**Data to process:**
####

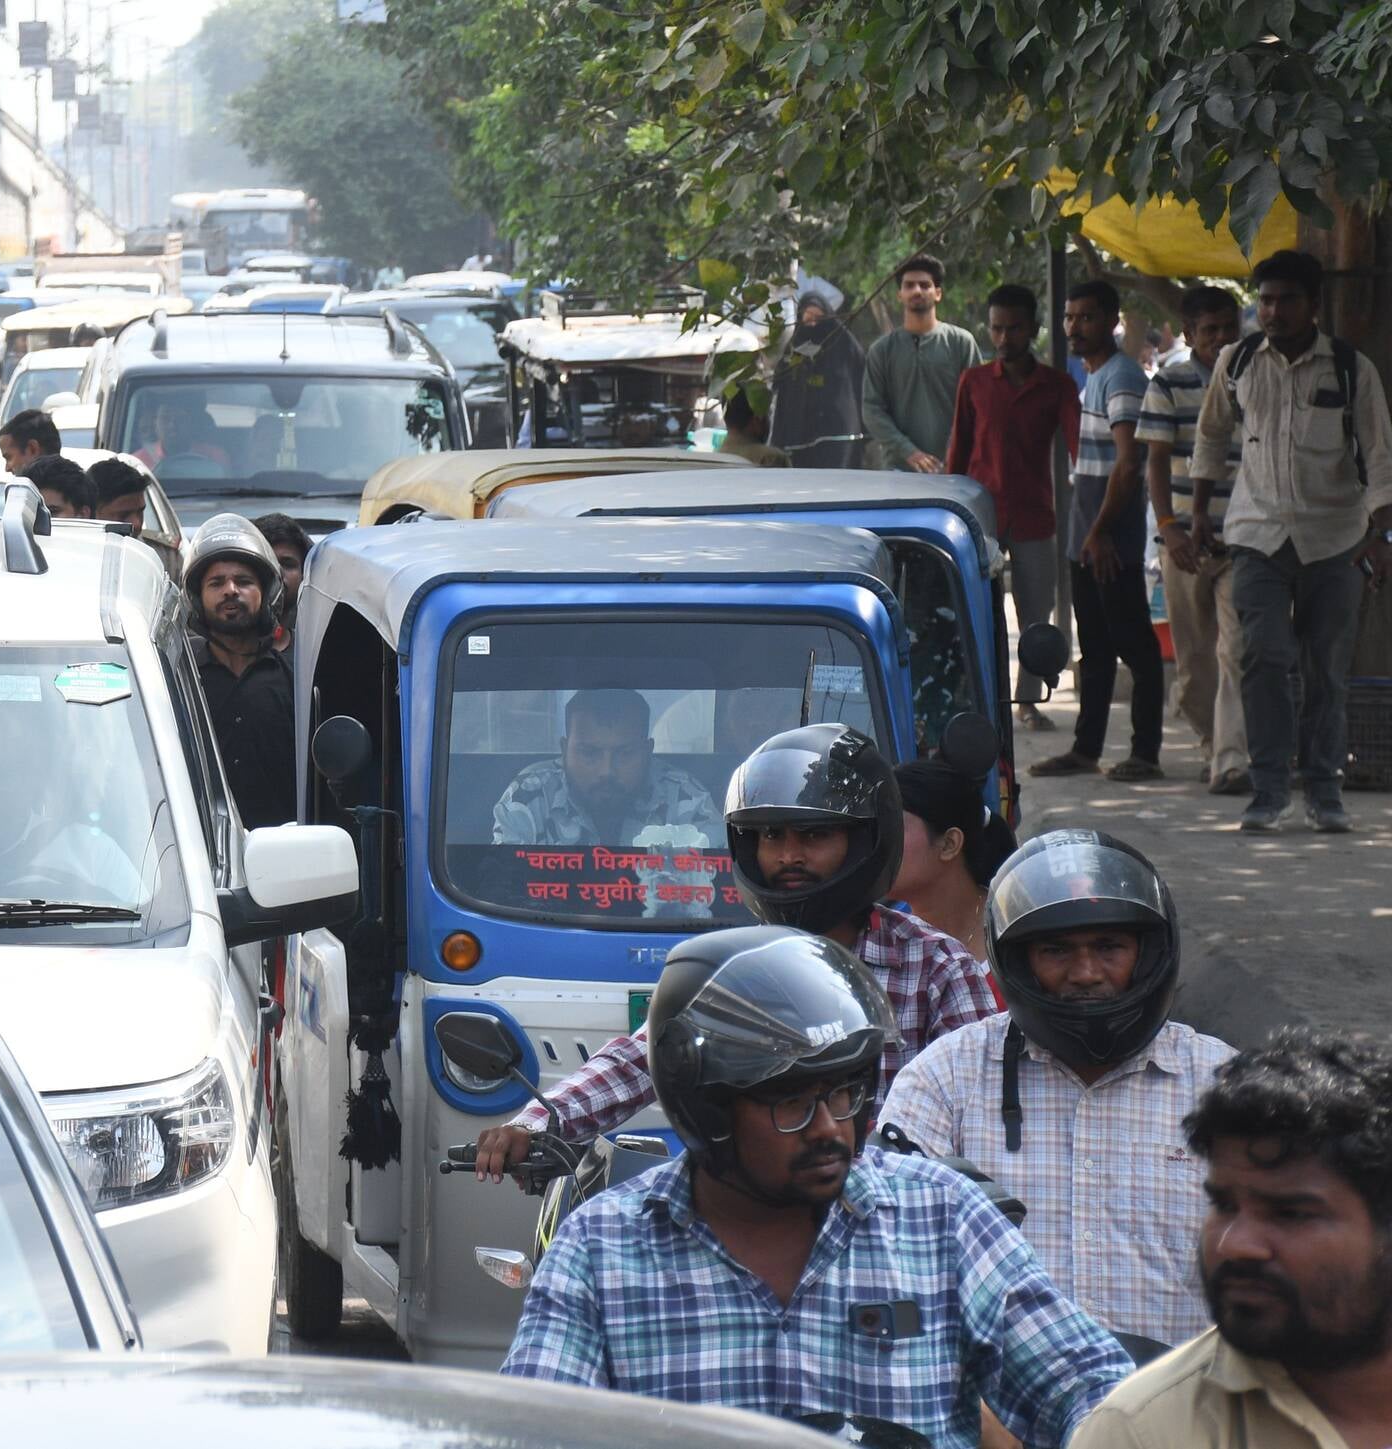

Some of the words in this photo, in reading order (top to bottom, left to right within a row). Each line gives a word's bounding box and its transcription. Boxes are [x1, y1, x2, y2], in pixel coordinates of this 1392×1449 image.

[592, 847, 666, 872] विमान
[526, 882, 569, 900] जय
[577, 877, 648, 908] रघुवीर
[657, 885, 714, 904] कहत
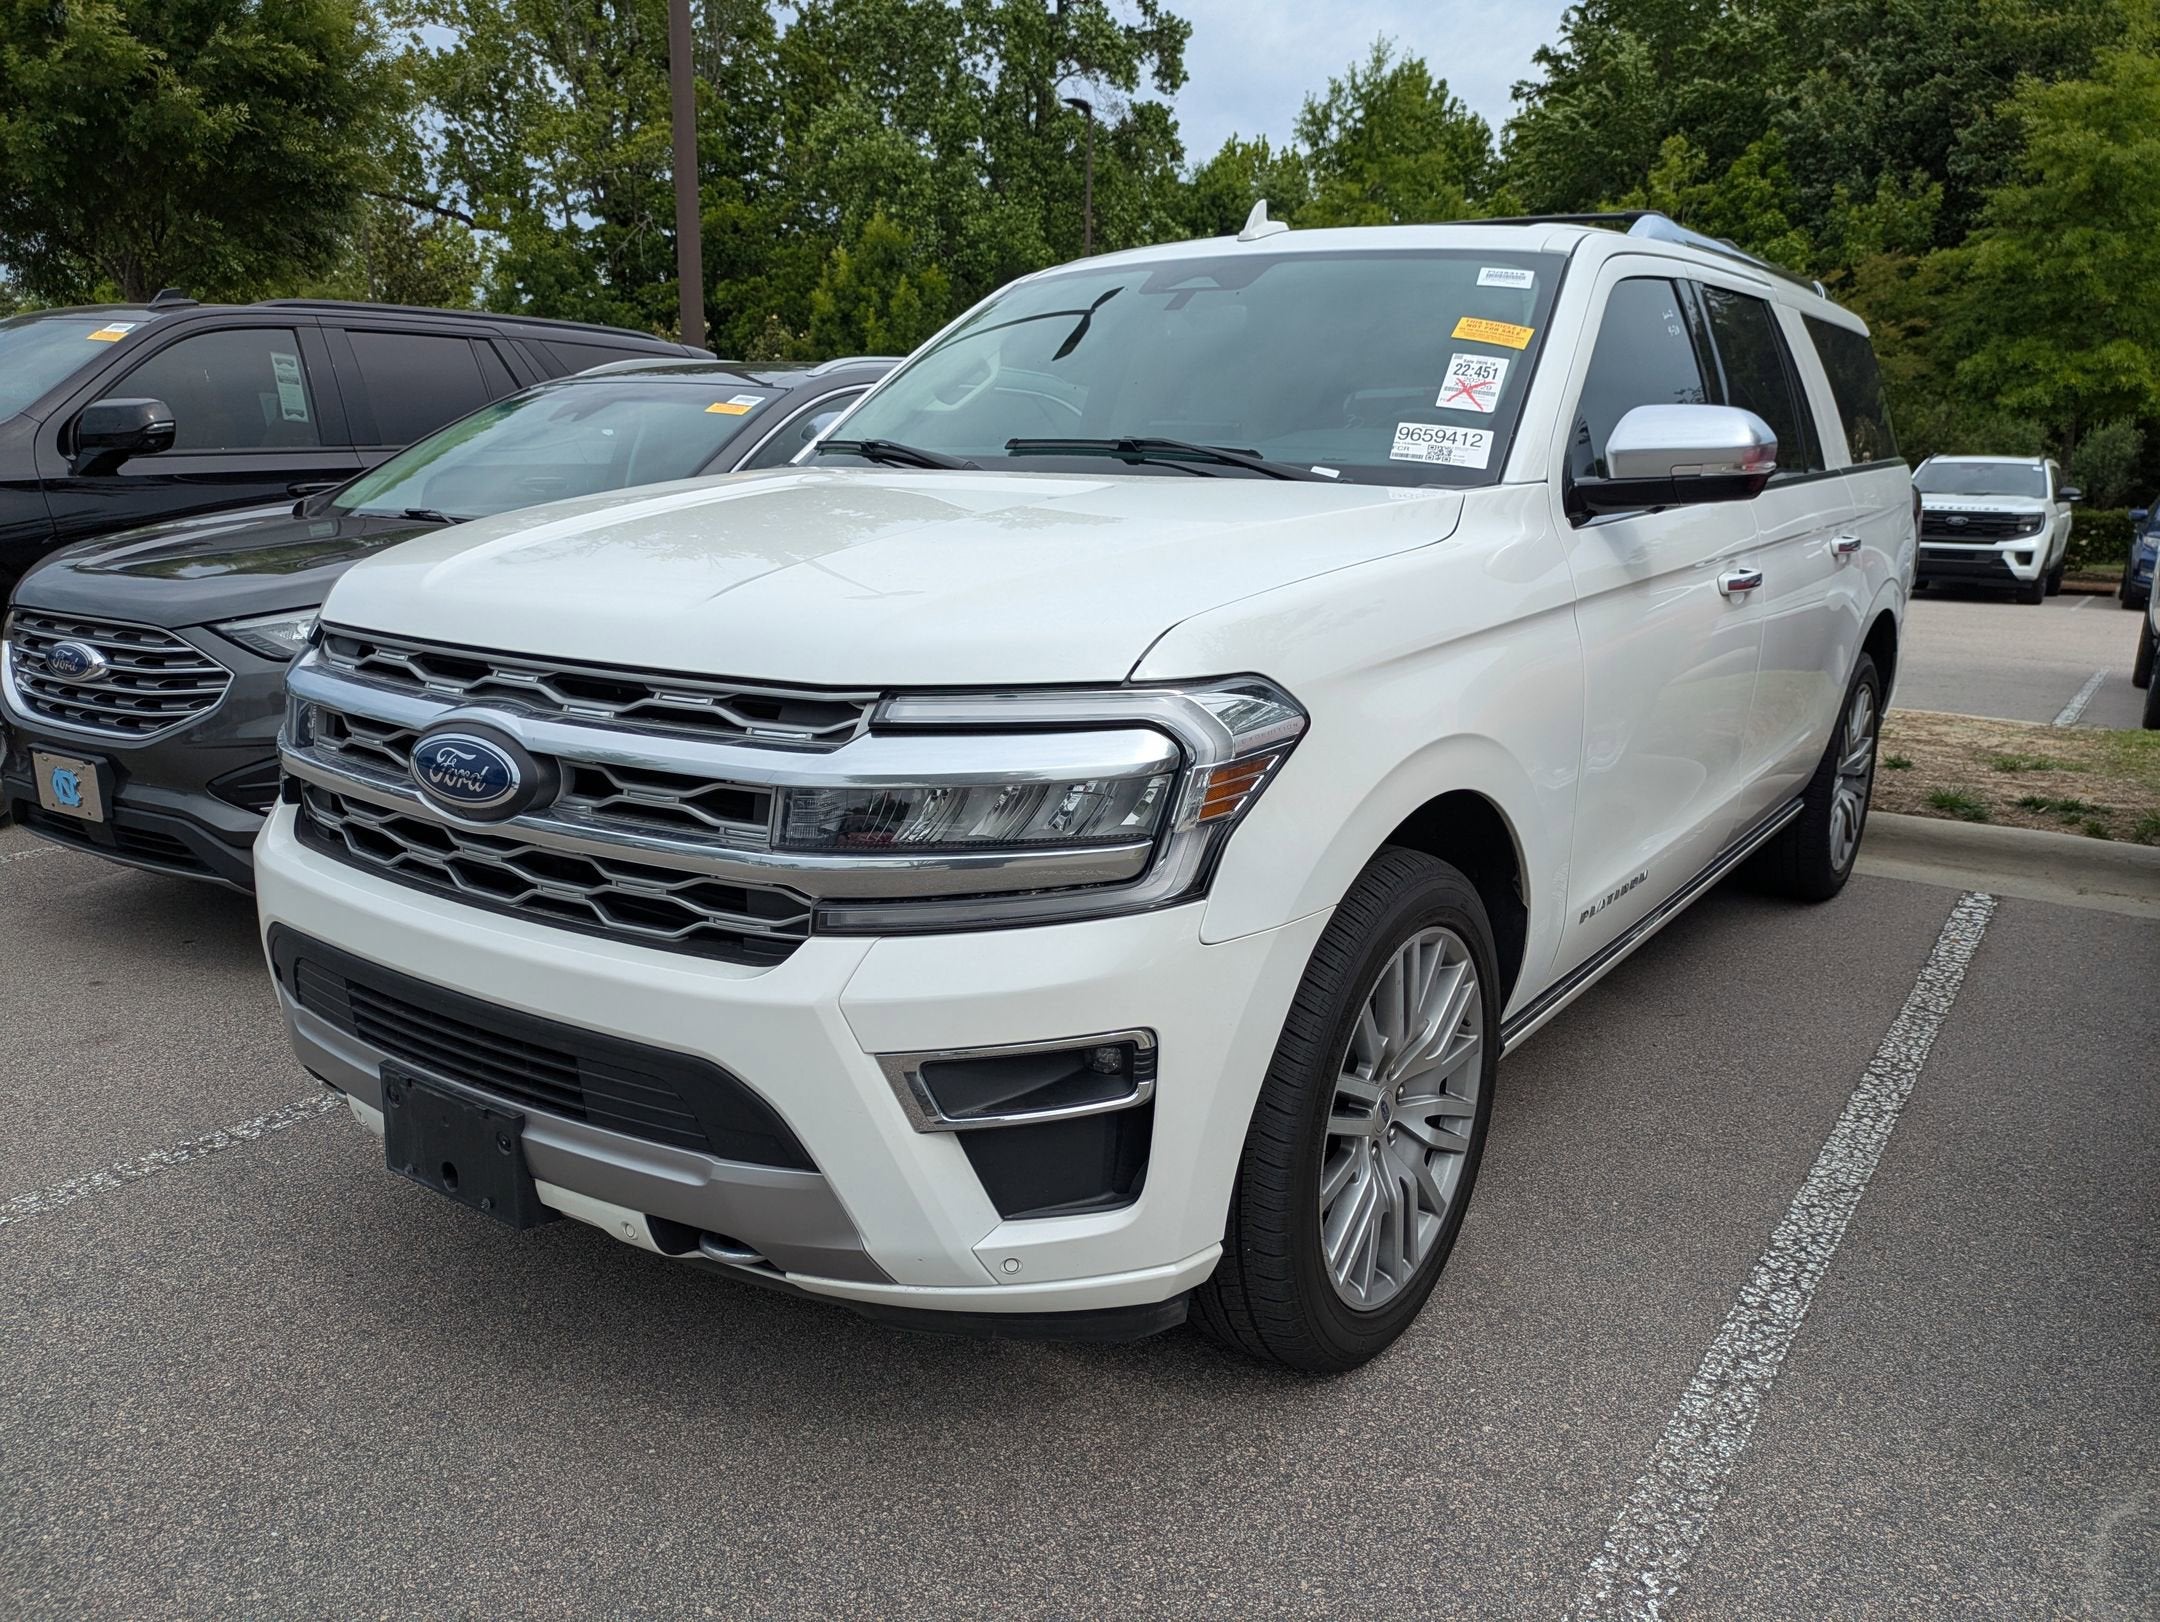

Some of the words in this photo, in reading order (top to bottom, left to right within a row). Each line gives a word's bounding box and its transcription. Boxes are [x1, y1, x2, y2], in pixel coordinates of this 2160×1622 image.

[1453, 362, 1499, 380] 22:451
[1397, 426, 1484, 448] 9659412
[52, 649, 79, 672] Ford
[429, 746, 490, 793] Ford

####

**What you are asked to do:**
Write out exactly the final stretch of the records: the line containing "this 2160×1622 image." and every line after it, through the last, and nothing else.

**Task result:**
Some of the words in this photo, in reading order (top to bottom, left to right within a row). Each line gives a word's bounding box and its transcription. Boxes are [x1, y1, x2, y2], in pixel coordinates of this 2160×1622 image.

[1453, 362, 1499, 380] 22:451
[1397, 426, 1484, 448] 9659412
[52, 649, 79, 672] Ford
[429, 746, 490, 793] Ford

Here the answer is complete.